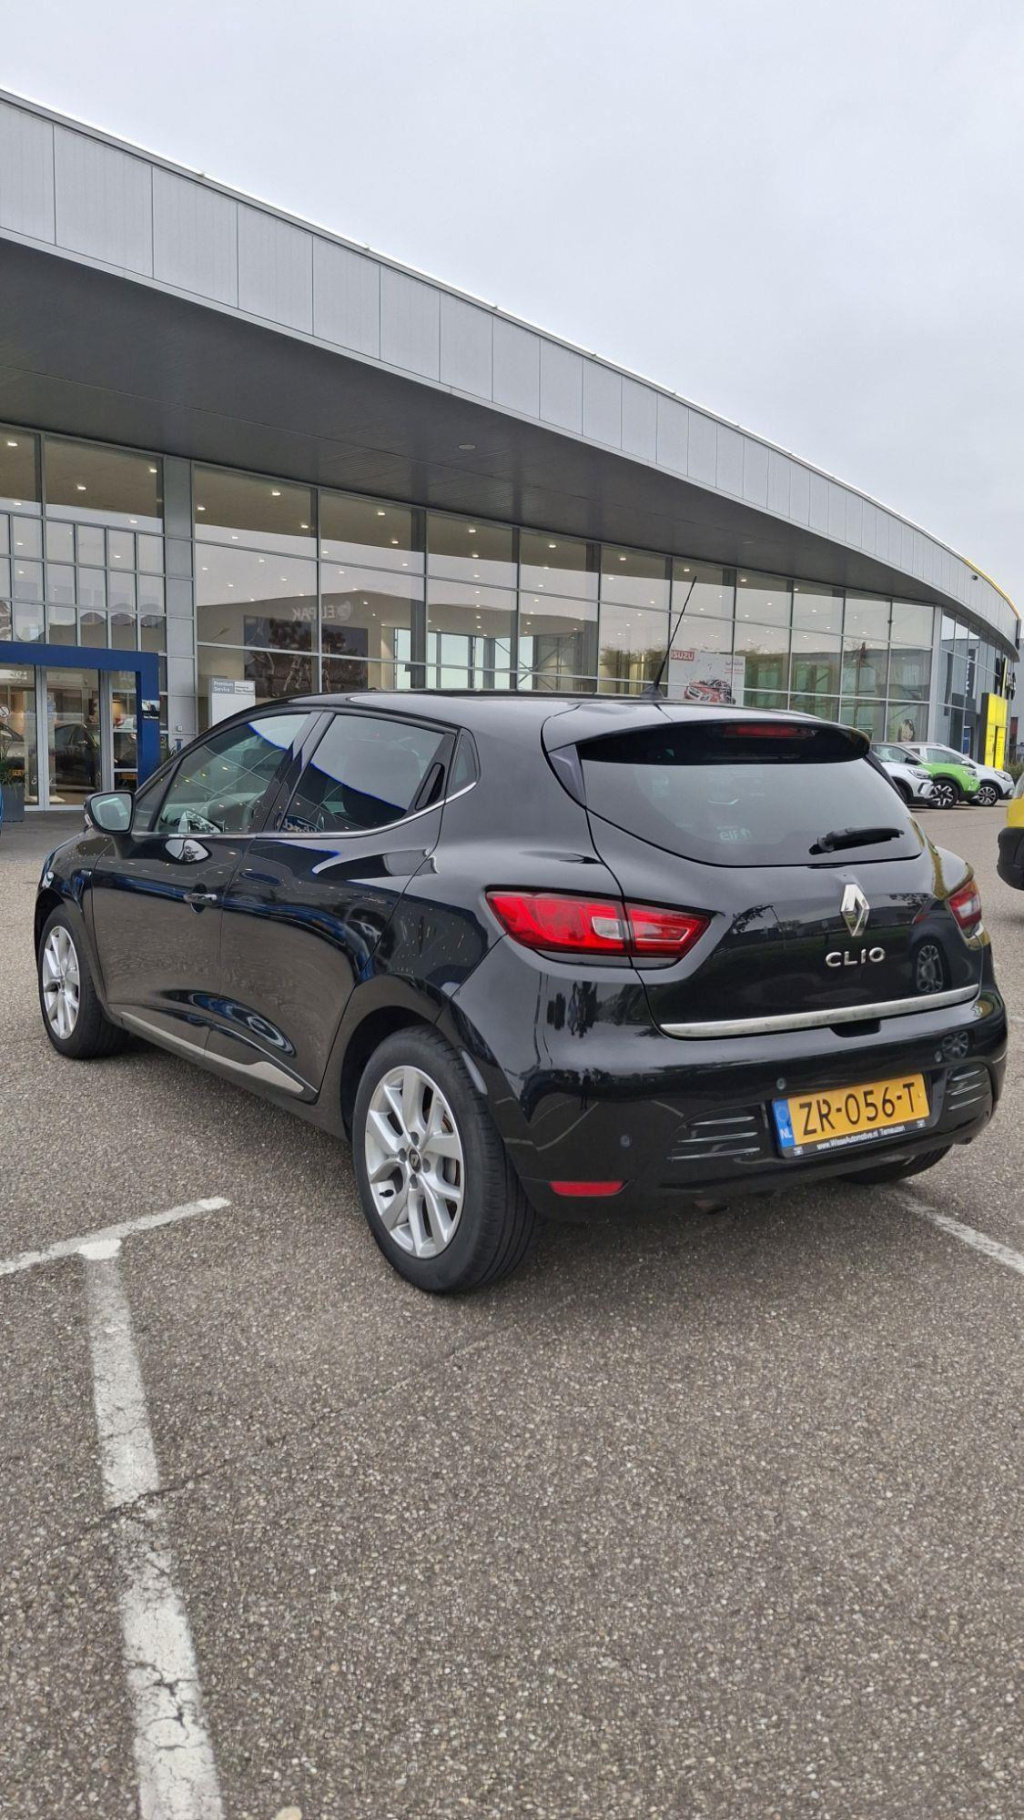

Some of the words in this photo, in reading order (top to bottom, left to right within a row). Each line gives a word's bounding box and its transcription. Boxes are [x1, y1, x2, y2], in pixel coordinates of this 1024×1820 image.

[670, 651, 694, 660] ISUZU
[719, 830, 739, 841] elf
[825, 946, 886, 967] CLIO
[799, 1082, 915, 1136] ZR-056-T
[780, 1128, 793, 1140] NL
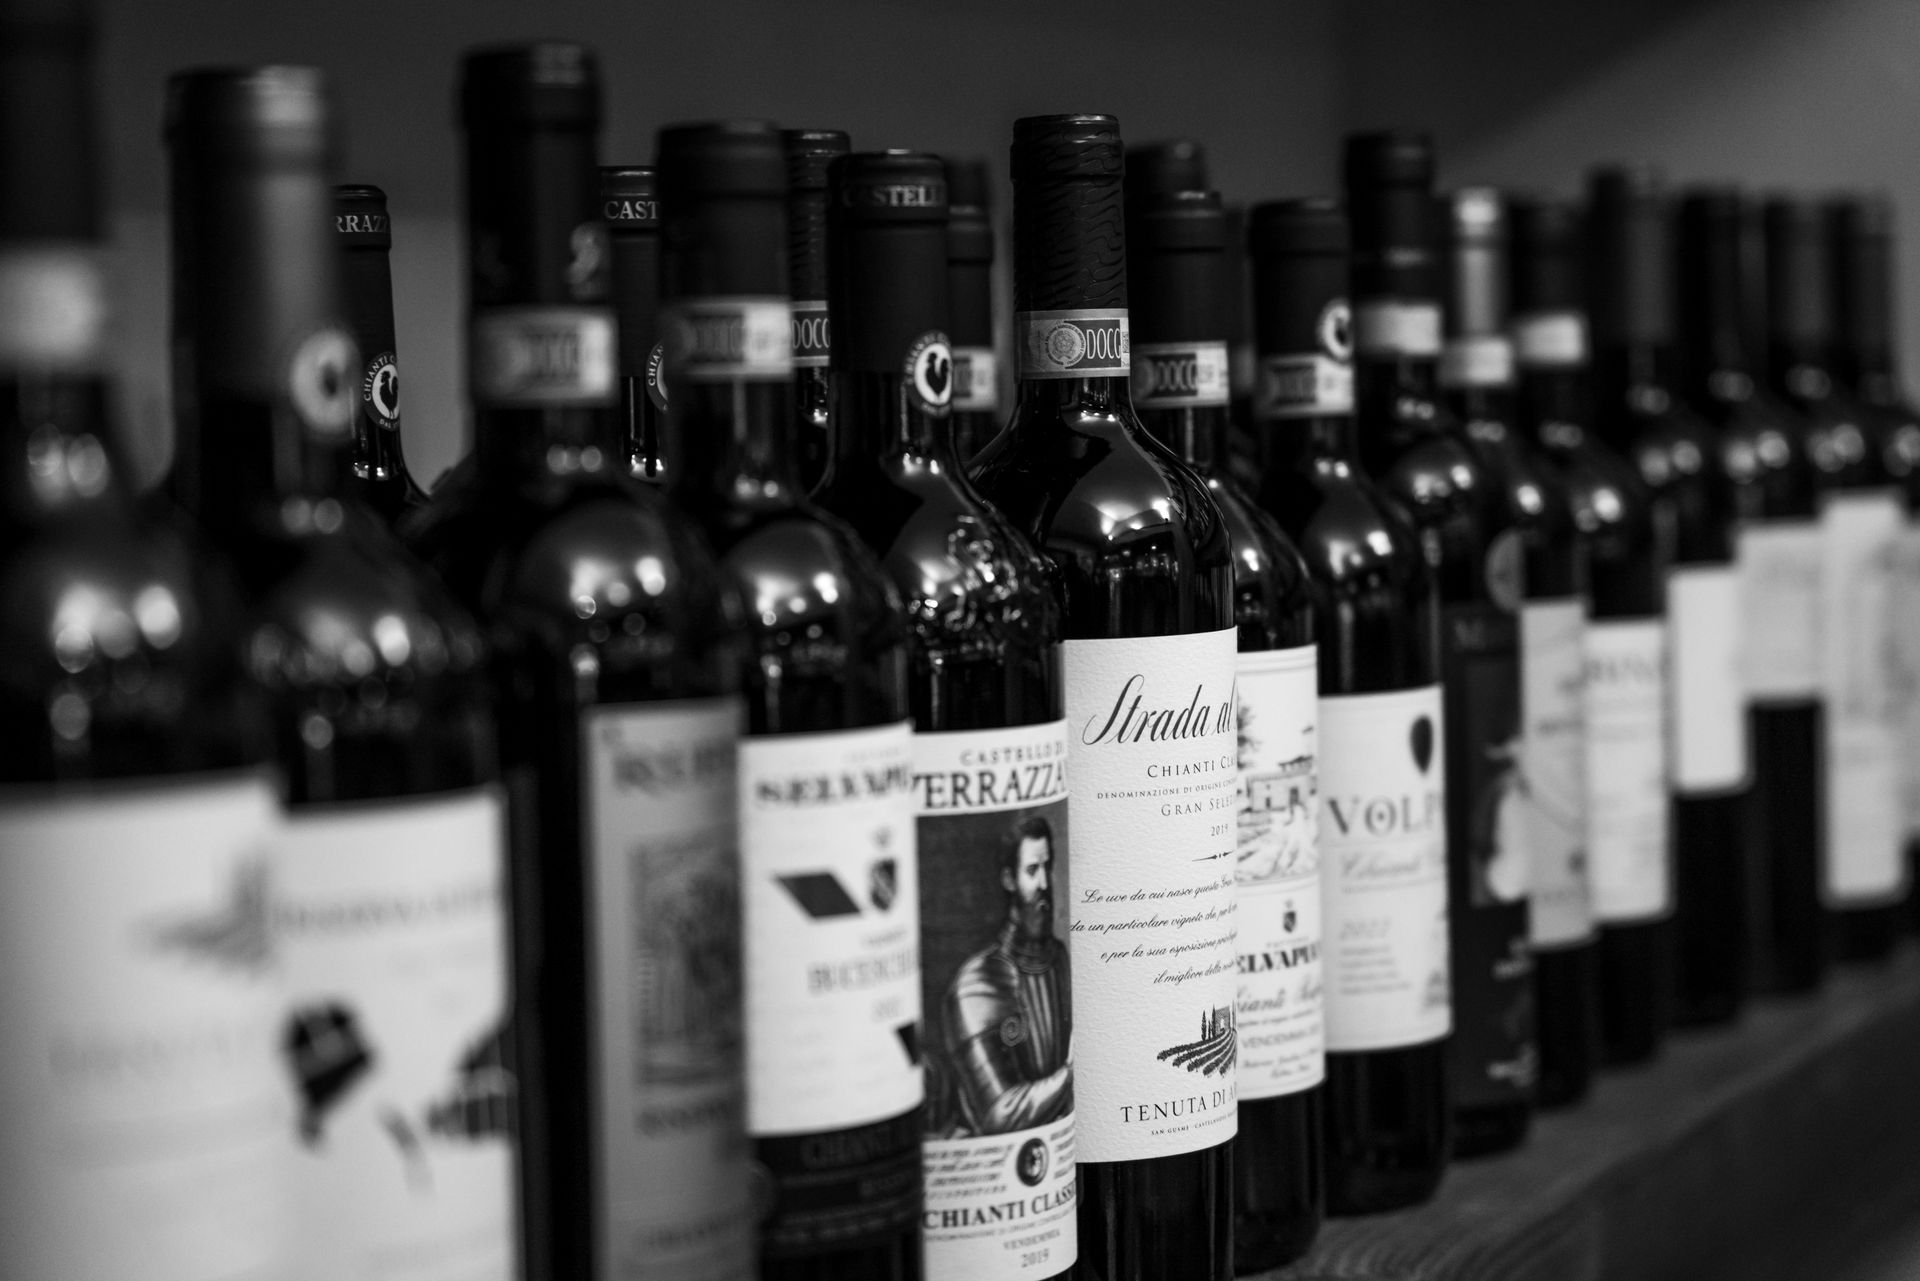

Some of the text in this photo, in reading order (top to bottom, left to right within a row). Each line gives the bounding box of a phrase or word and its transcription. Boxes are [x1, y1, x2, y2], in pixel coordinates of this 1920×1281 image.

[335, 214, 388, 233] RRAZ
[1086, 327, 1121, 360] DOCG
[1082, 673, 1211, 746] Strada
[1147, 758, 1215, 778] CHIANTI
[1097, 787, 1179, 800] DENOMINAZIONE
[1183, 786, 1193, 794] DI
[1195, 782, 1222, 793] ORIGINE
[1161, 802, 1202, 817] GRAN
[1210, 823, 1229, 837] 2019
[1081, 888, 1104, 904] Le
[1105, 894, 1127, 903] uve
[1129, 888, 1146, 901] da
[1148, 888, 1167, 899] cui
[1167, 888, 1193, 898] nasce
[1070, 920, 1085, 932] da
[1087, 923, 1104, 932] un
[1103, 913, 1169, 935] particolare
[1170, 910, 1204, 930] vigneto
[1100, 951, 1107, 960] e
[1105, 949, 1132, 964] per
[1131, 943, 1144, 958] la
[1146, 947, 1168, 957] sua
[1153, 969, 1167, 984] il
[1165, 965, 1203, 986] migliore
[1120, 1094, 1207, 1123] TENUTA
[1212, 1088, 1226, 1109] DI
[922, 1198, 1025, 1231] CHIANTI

Task prompt
Exactly the lines from the one containing "Some of the text" through the end of the listing should be reproduced, both ends included and nothing more.

Your solution
Some of the text in this photo, in reading order (top to bottom, left to right within a row). Each line gives the bounding box of a phrase or word and its transcription. Boxes are [x1, y1, x2, y2], in pixel coordinates of this 1920×1281 image.

[335, 214, 388, 233] RRAZ
[1086, 327, 1121, 360] DOCG
[1082, 673, 1211, 746] Strada
[1147, 758, 1215, 778] CHIANTI
[1097, 787, 1179, 800] DENOMINAZIONE
[1183, 786, 1193, 794] DI
[1195, 782, 1222, 793] ORIGINE
[1161, 802, 1202, 817] GRAN
[1210, 823, 1229, 837] 2019
[1081, 888, 1104, 904] Le
[1105, 894, 1127, 903] uve
[1129, 888, 1146, 901] da
[1148, 888, 1167, 899] cui
[1167, 888, 1193, 898] nasce
[1070, 920, 1085, 932] da
[1087, 923, 1104, 932] un
[1103, 913, 1169, 935] particolare
[1170, 910, 1204, 930] vigneto
[1100, 951, 1107, 960] e
[1105, 949, 1132, 964] per
[1131, 943, 1144, 958] la
[1146, 947, 1168, 957] sua
[1153, 969, 1167, 984] il
[1165, 965, 1203, 986] migliore
[1120, 1094, 1207, 1123] TENUTA
[1212, 1088, 1226, 1109] DI
[922, 1198, 1025, 1231] CHIANTI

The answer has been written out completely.